One of the Department’s commitments in the Programme for Government is to reconfigure and reform health and social care services. We know that that will be driven by the review of health and social care, which was published on 13 December 2011. When the Committee considered the draft Programme for Government, we were concerned that there did not seem to be a clear link between the Programme for Government and the recommendations coming out of the review. In particular, we could not see any evidence that the Programme for Government would be used to monitor or measure the changes that are proposed in the review.
However, I am pleased to see that in the revised Programme for Government, which has been published today, there is clear reference to the review of health and social care. In year 1, there is now a target to develop population plans to deliver a new model of care, as set out in the review. In year 2, there is a target to reduce the number of unnecessary days that patients stay in acute hospitals. In year 3, there is a target to secure a shift from hospital to community services, along with a shift in funding in line with the recommendations in the review. It is important that the review, given its impact on the future of health and social care, is placed firmly in the context of the Programme for Government.
The targets on allocating an increasing percentage of the overall health budget to public health have been changed. In the draft document, there were simply references to the additional amount of money to be invested each year, but we now have a target for year 1 of setting new policy directions to strengthen cross-departmental working. For year 2, there is a target to extend bowel screening to everyone aged 60 to 74, and in year 3, the target is simply to spend £10 million more on public health compared with in 2011-12. The Committee had asked that the targets should quote the increase in percentage terms as well as cash terms. Unfortunately, that has not been done, so we do not know whether £10 million extra on public health is a 1% rise or a 10% rise on what we are currently spending.
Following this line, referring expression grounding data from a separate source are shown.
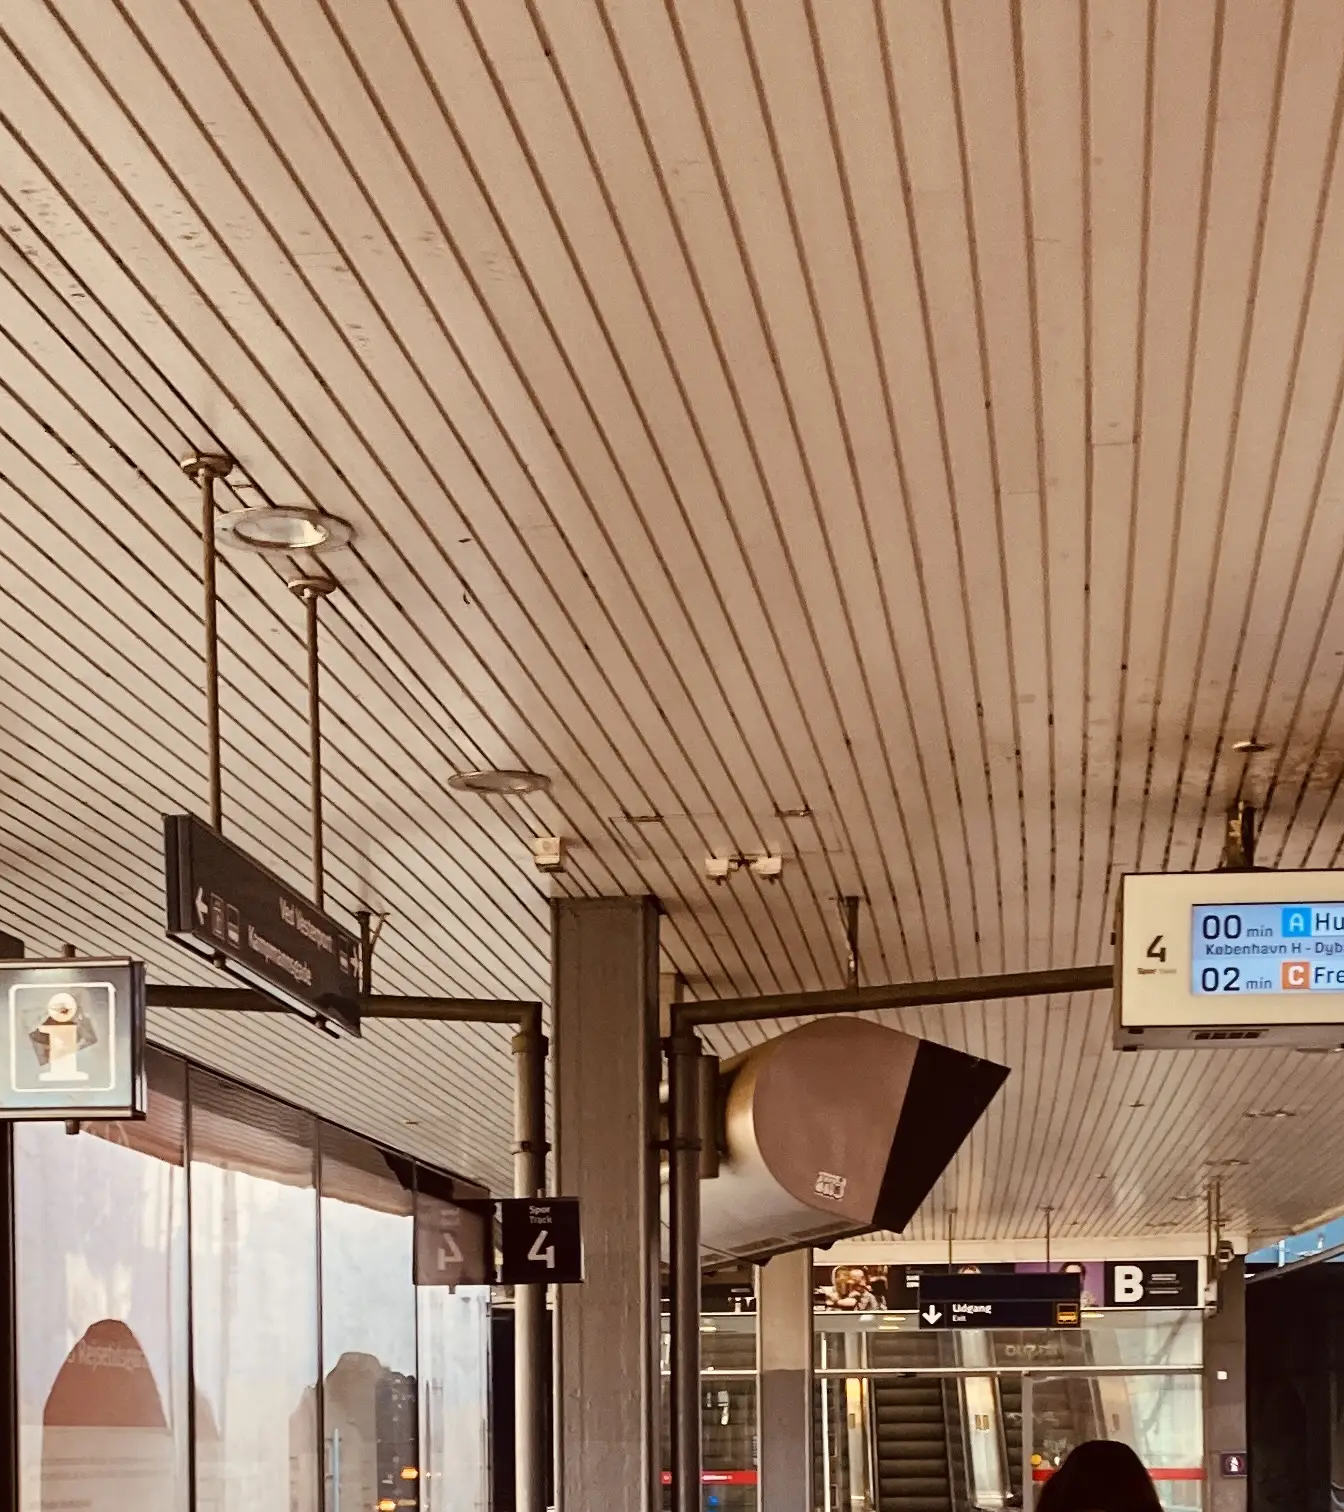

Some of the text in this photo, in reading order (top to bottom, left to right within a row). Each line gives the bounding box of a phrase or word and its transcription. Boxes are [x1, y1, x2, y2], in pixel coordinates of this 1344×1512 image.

[1202, 914, 1242, 940] 00
[1246, 925, 1273, 938] min
[1289, 912, 1305, 932] A
[1146, 935, 1167, 963] 4
[1206, 942, 1287, 956] København
[1291, 942, 1302, 954] H
[1202, 966, 1241, 992] 02
[1245, 977, 1273, 990] min
[1288, 965, 1305, 986] C
[527, 1229, 556, 1269] 4
[1113, 1265, 1144, 1303] B
[952, 1303, 992, 1314] Udgang
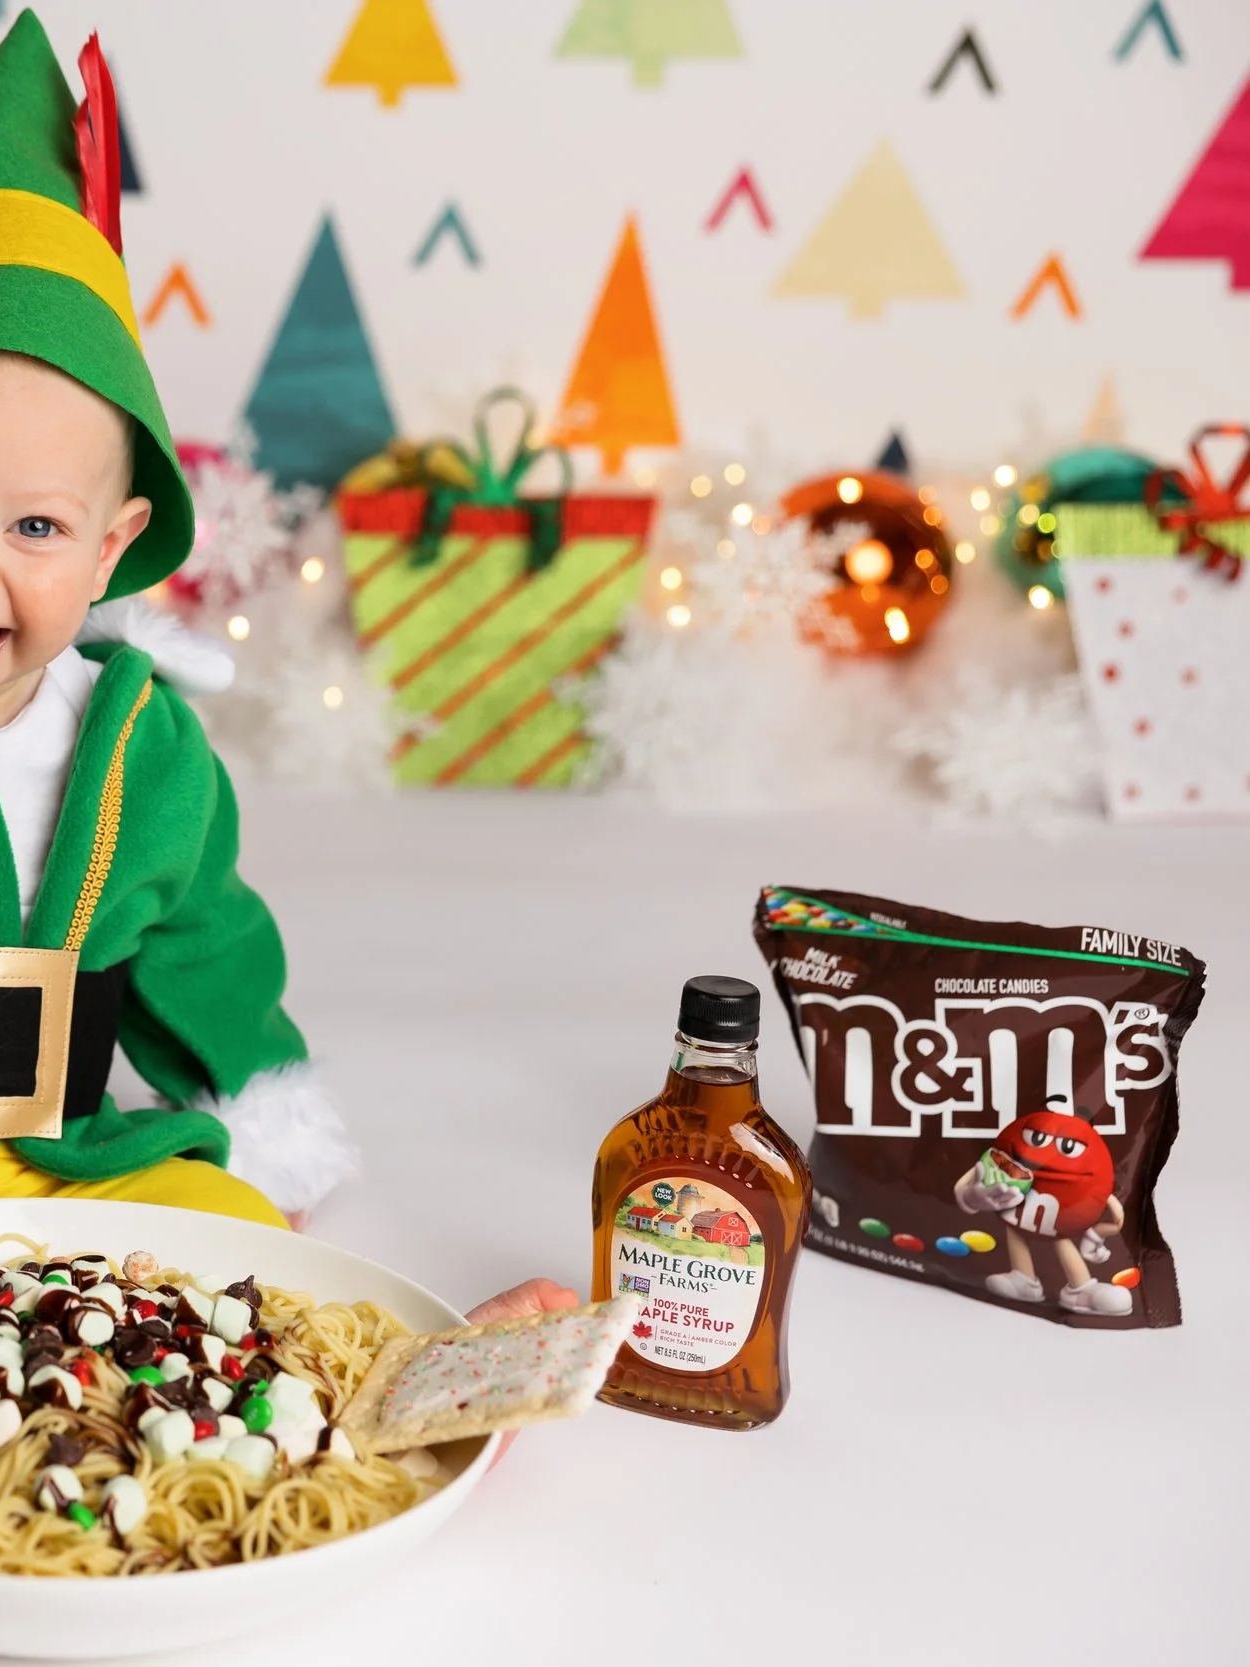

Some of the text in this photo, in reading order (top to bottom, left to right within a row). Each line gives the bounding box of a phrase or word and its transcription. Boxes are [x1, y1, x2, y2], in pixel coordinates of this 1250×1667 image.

Under the priority of protecting our people, the environment and creating safer communities, there is a commitment, which was not in the draft Programme for Government, for the Department of Health, Social Services and Public Safety to improve safeguarding for children and vulnerable adults. That is a very welcome addition to the Programme for Government. Sometimes, the social care aspect of the Department can be overlooked, and we get too focused on health and hospitals. So, it is good to see that target included.
The Department is aiming to produce a joint strategy to address domestic and sexual violence and abuse in year 1. That will be an important step forward, and the Committee wrote to the Minister about that issue just a few weeks ago. There is also a target to develop an interdepartmental child safeguarding policy framework. The Safeguarding Board is due to be established in June and, hopefully, it will be involved in that work.
Under the priority for delivering high-quality public service, there is a new target of rolling out the family nurse partnership programme to a further test site. That programme is all about early intervention and support for young parents and children, and it is welcome as the Committee is firmly in favour of prevention and supporting people so that they do not end up needing services or end up in crisis further down the line.
In conclusion, on behalf of the Committee, I welcome the publication of the Programme for Government, and I assure the House that we will work closely with the Departments to ensure that they meet their targets.
Mr Deputy Speaker: Members, we have to interrupt this debate for Question Time. I ask you to take your ease for a few moments until we commence at 2.30 pm.
The debate stood suspended.
Mr Deputy Speaker: Questions 1, 5, 11 and 13 have been withdrawn and require written answer.
2. Mr McCallister asked the Minister for Social Development to outline the benefits to which the annual expenditure of £300 million that is under the control of the Executive is allocated. (AQO 1504/11-15)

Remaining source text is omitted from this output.